**DATASET:**
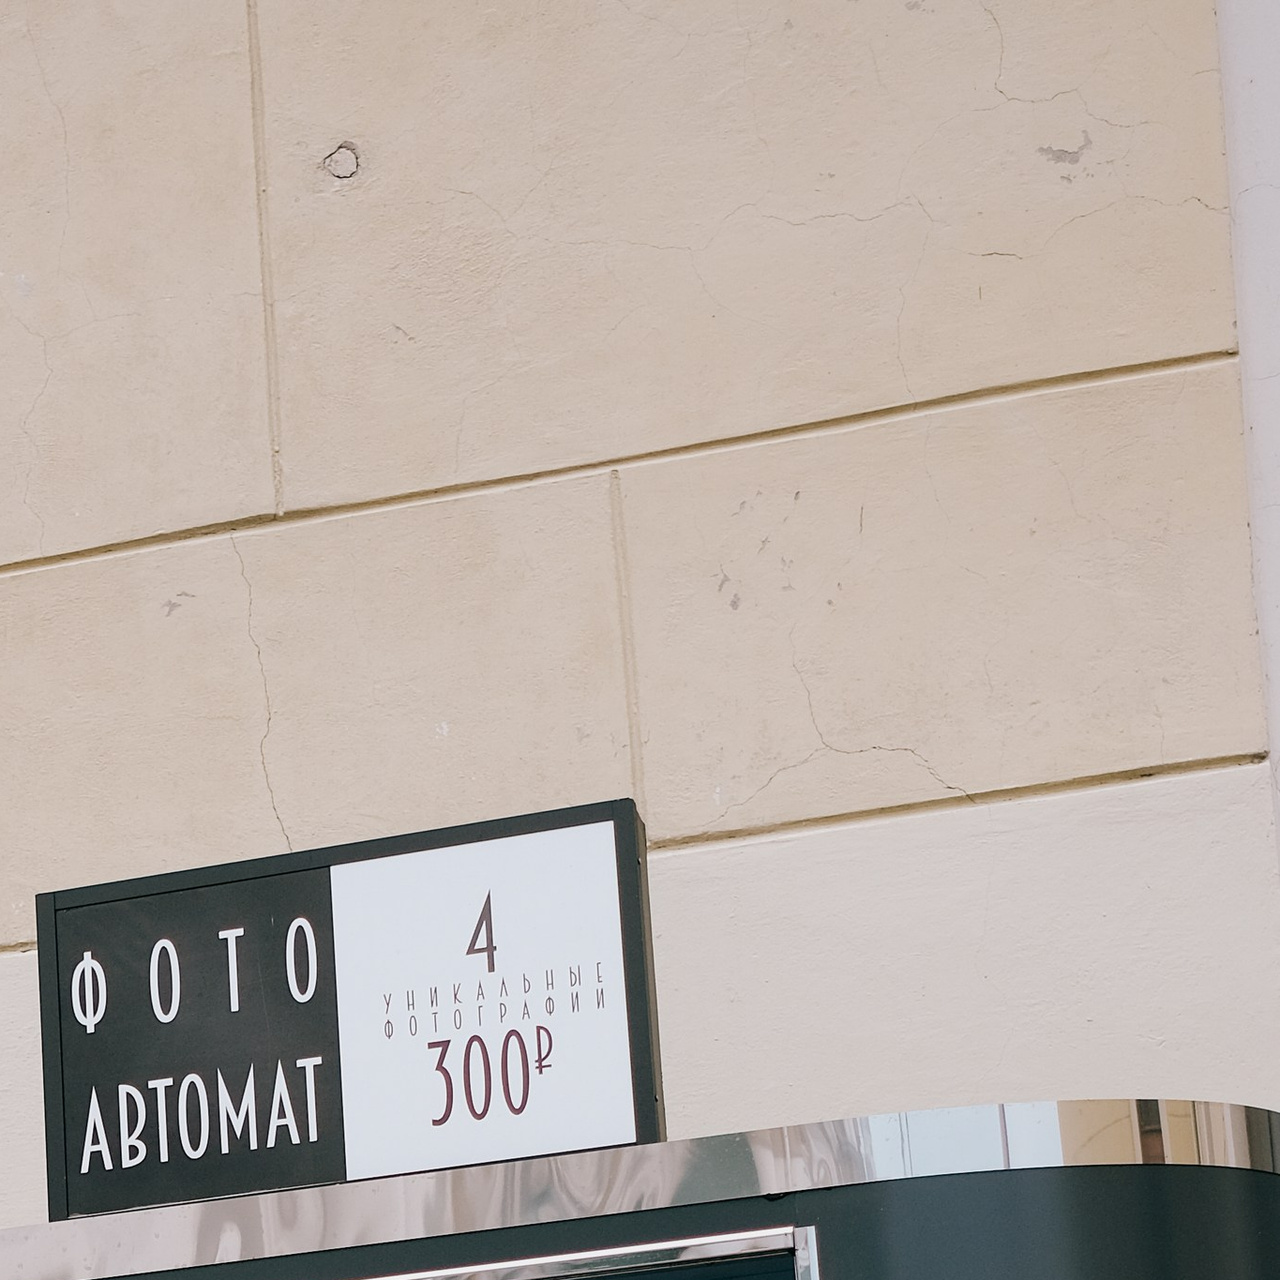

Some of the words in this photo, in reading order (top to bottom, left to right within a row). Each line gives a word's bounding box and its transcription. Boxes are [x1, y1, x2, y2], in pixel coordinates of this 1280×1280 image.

[71, 917, 319, 1034] ФОТО
[466, 889, 497, 973] 4
[383, 962, 604, 1014] УНИКАЛЬНЫЕ
[384, 988, 605, 1040] ФОТОГРАФИИ
[80, 1056, 323, 1175] АВТОМАТ
[427, 1025, 553, 1126] 300₽

**YOUR ASSIGNMENT:** Only the pictures are to be left out; repeat everything else in the records above exactly.

**COMPLETED TASK:**
Some of the words in this photo, in reading order (top to bottom, left to right within a row). Each line gives a word's bounding box and its transcription. Boxes are [x1, y1, x2, y2], in pixel coordinates of this 1280×1280 image.

[71, 917, 319, 1034] ФОТО
[466, 889, 497, 973] 4
[383, 962, 604, 1014] УНИКАЛЬНЫЕ
[384, 988, 605, 1040] ФОТОГРАФИИ
[80, 1056, 323, 1175] АВТОМАТ
[427, 1025, 553, 1126] 300₽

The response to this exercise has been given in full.